Victor J. Blue | Bloomberg | Getty Images
Zoom shares fell as much as 13% in extended trading on Monday after the video-calling software maker issued full-year guidance that fell below what analysts had predicted.
Here’s how the company did:
- Earnings: $1.29 per share, adjusted, vs. $1.06 per share as expected by analysts, according to Refinitiv.
- Revenue: $1.07 billion, vs. $1.05 billion as expected by analysts, according to Refinitiv.
Zoom’s revenue increased 21% from a year earlier in the period that ended on Jan. 31. That’s a deceleration from 35% growth in the prior quarter, according to a statement.
Zoom said it had 509,800 customers with over 10 employees at the end of January, down from 512,100 in October. The company showed new figures to better reflect the evolution of its business following the pandemic growth. It now boasts 191,000 enterprise customers, which have been engaged by the company’s salespeople, channel partners or software vendor partners. That number is up 35% year over year.
“What’s happened over time as we see this tremendous growth in online as a channel, it started to kind of overlap there, which is why we don’t think it’s really the appropriate metric to use any longer going forward,” said Kelly Steckelberg, Zoom’s finance chief, on a Zoom video call with analysts.
The enterprise business should grow about 20% year over year in the current fiscal year, while the online business will be roughly flat, Steckelberg said. Smaller customers tend to leave and come back, she said.

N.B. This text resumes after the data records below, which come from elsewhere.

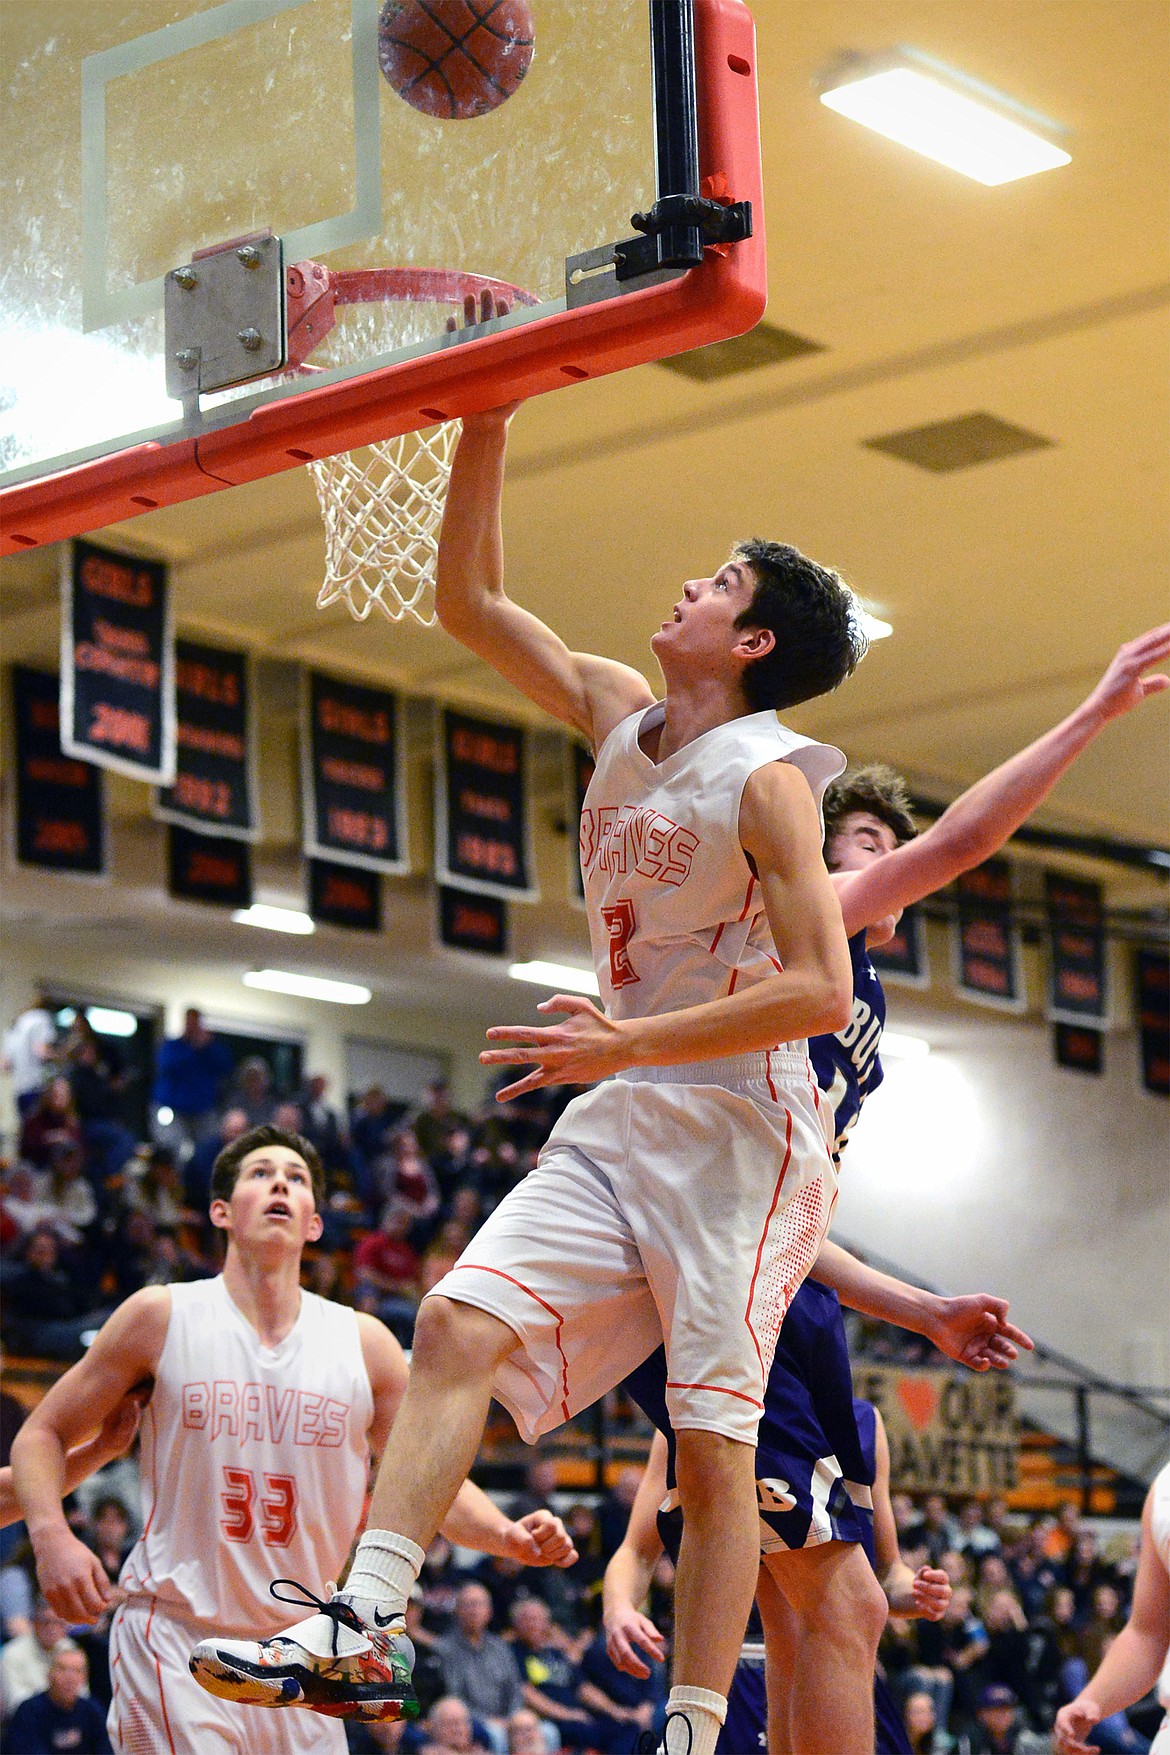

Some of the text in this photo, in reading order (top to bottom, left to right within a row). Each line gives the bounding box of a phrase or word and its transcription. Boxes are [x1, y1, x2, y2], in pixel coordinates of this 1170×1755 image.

[580, 805, 700, 887] BRAVES
[601, 898, 641, 990] 2
[182, 1380, 350, 1449] BRAVES
[940, 1378, 1014, 1430] OUR
[220, 1466, 298, 1548] 33

Net income rose 88% in the quarter to $490.5 million as gross margin widened to 76% from 74.2% in the prior period.
However, in the first quarter and for the full year Zoom is projecting revenue that’s below what analysts were expecting. Sales in the current quarter will be $1.07 billion to $1.075 billion, representing growth of about 12%. Analysts polled by Refinitiv had expected $1.1 billion in revenue.
For the current fiscal year, the company sees $4.53 billion to $4.55 billion in revenue, implying 10.7% growth. Analysts polled by Refinitiv had been looking for $4.71 billion in revenue.
Zoom’s business took off in the early months of the pandemic as businesses, universities and consumers adjusted to life at home and communications over video. The company’s market cap peaked in October 2020 at about $159 billion. At the time, it was worth almost as much as Cisco, whose market cap sat at around $170 billion. Zoom is led by its founder, Eric Yuan, an early creator of Webex, which Cisco acquired in 2007.Since its stock hit a high, Zoom has lost over three-quarters of its value, while Cisco has gained almost 40%. The companies are now separate in market cap by about $190 billion.
Zoom said Bill McDermott, CEO of service-desk software maker ServiceNow and formerly CEO of enterprise software developer SAP, will replace investor Bart Swanson on the Zoom board.
Prior to the after-hours move, shares of Zoom were down almost 29% for the year, underperforming the S&P 500 index, which is down about 9% over the same period.
—CNBC’s Ari Levy contributed to this report.